Birlik ve huzur düşmanları
Allah Teâlâ bu imtihan dünyasında şeytana, insanları saptırma kabiliyet ve imkanı verirken insanlara da akıl ve irade hürriyeti veriyor, bununla da yetinmeyip şeytanın işleri konusunda onları uyarıyor, iyi, güzel ve...
Allah Teâlâ bu imtihan dünyasında şeytana, insanları saptırma kabiliyet ve imkanı verirken insanlara da akıl ve irade hürriyeti veriyor, bununla da yetinmeyip şeytanın işleri konusunda onları uyarıyor, iyi, güzel ve doğru olanın ne oluğunu da bazen detaylı bazen anahatlarıyla peygamberine vahyederek açıklıyor.
Birlik ve huzur insanların mutlu kullar olmaların sağlıyorsa şeytanın bundan rahatsız olması ve bozmak için beşerden ayarttığı askerlerini de kullanması tabîîdir.
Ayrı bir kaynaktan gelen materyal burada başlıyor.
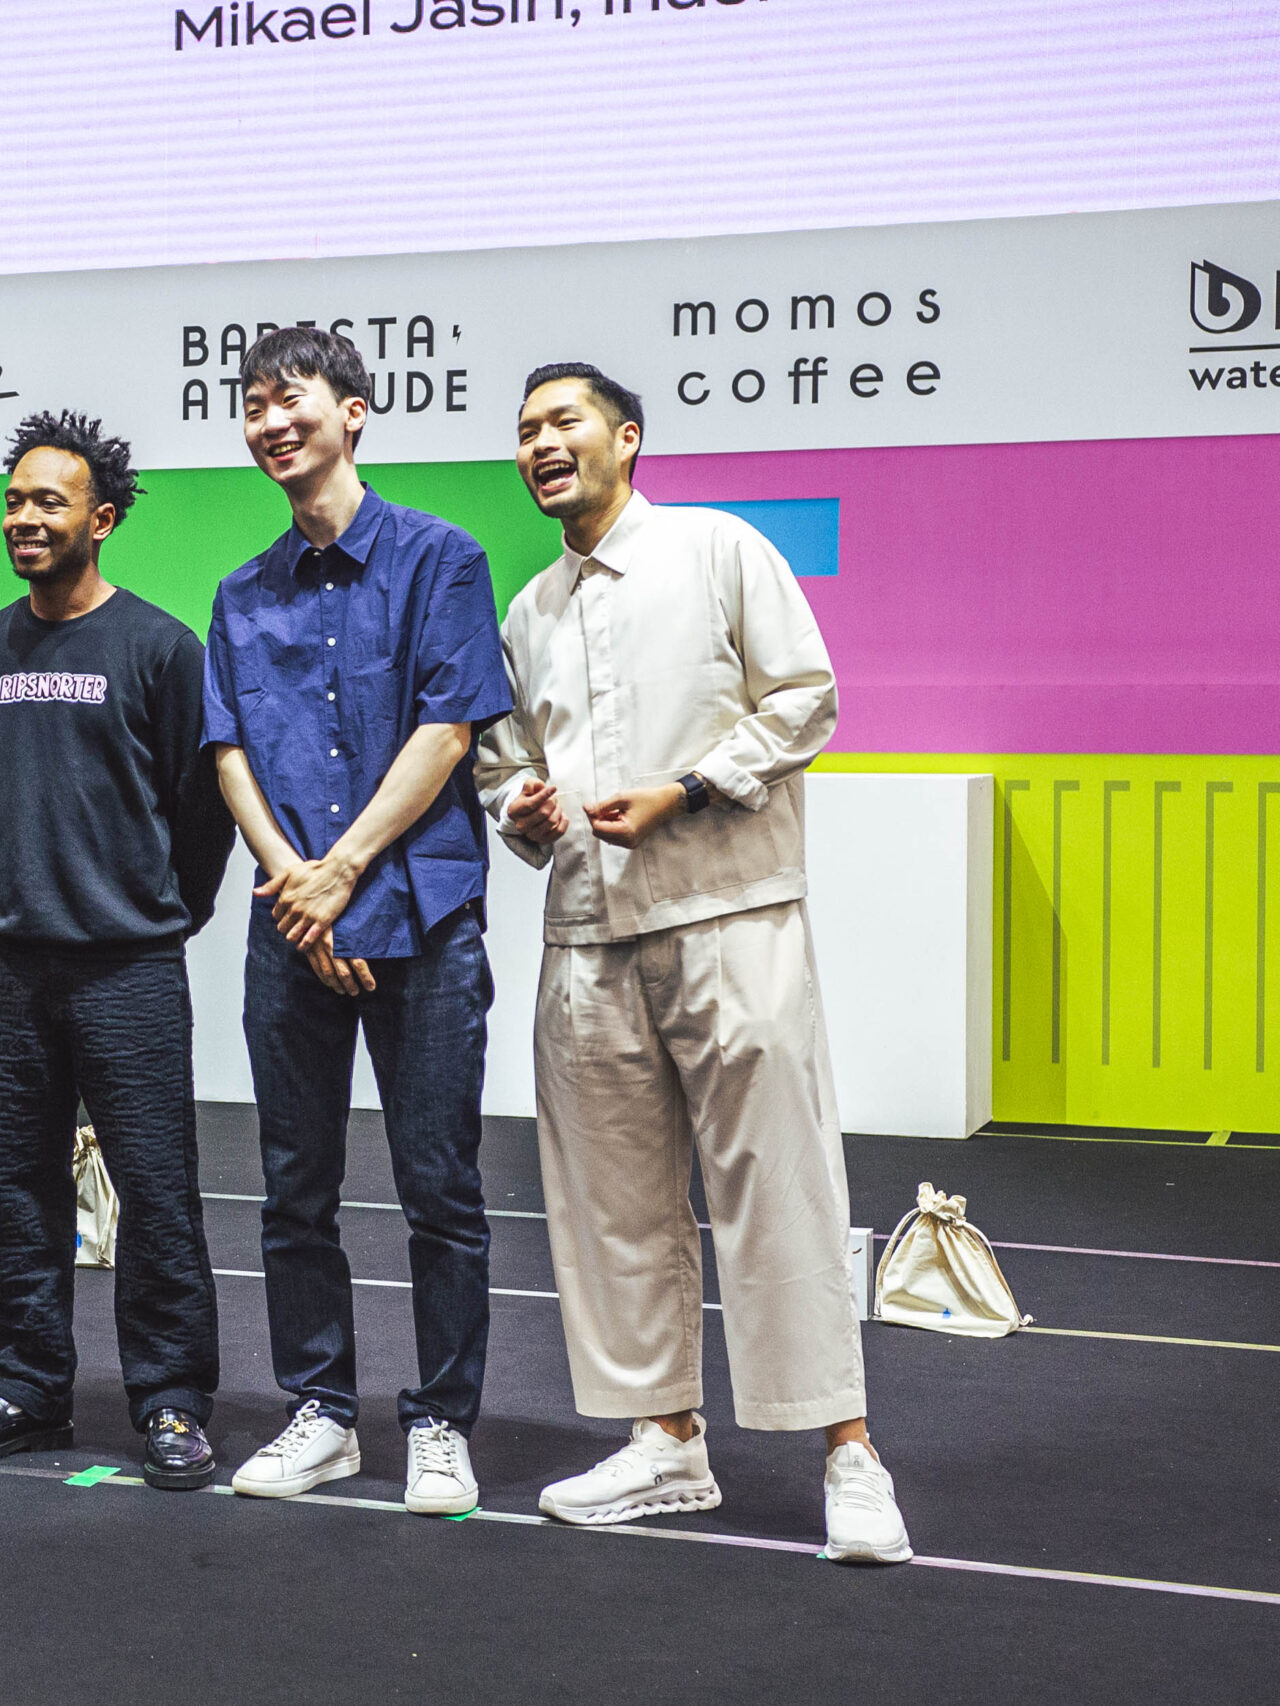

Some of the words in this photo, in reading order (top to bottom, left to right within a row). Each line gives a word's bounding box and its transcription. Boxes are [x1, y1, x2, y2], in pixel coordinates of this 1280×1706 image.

Önceki yazımda Allah'ın, “bir, beraber, birleşik, dayanışma içinde” olmalarını istediği insanları ve diğer varlıkları ayıranları, onları birleştiren bağları koparanları lanetlediğini gördük.
Bunlar kimlerdir ve ne yaparlar?
Bunlar, karı ile koca, evlat ile ebeveyn, kişi ile kardeşleri ve akrabası, mümin ile diğer mümin, insan ile diğer insan, yöneten ile yönetilenin arasını bozmaya çalışırlar. Bunun için din, dil, renk, mezhep, tarikat, cemaat, parti, bölge, kavim ve kabile, menfaat… farklılığını devreye sokar, bu unsurun din, iman ahlak unsurunu gölgeleyerek etkili olması için gayret gösterirler.
Halbu ki Kitabımıza göre:
Din farkı, İslam'dan başka dinlere mensup olanlar yurdumuza ve dinimize saldırmadıkları sürece onlarla “adalet ve iyilik” çerçevesinde ilişki kurmaya, bir ülkede beraber yaşamaya mani değildir.
Dinimiz, bir ülke içinde farklı dillerin konuşulmasına karş değildir.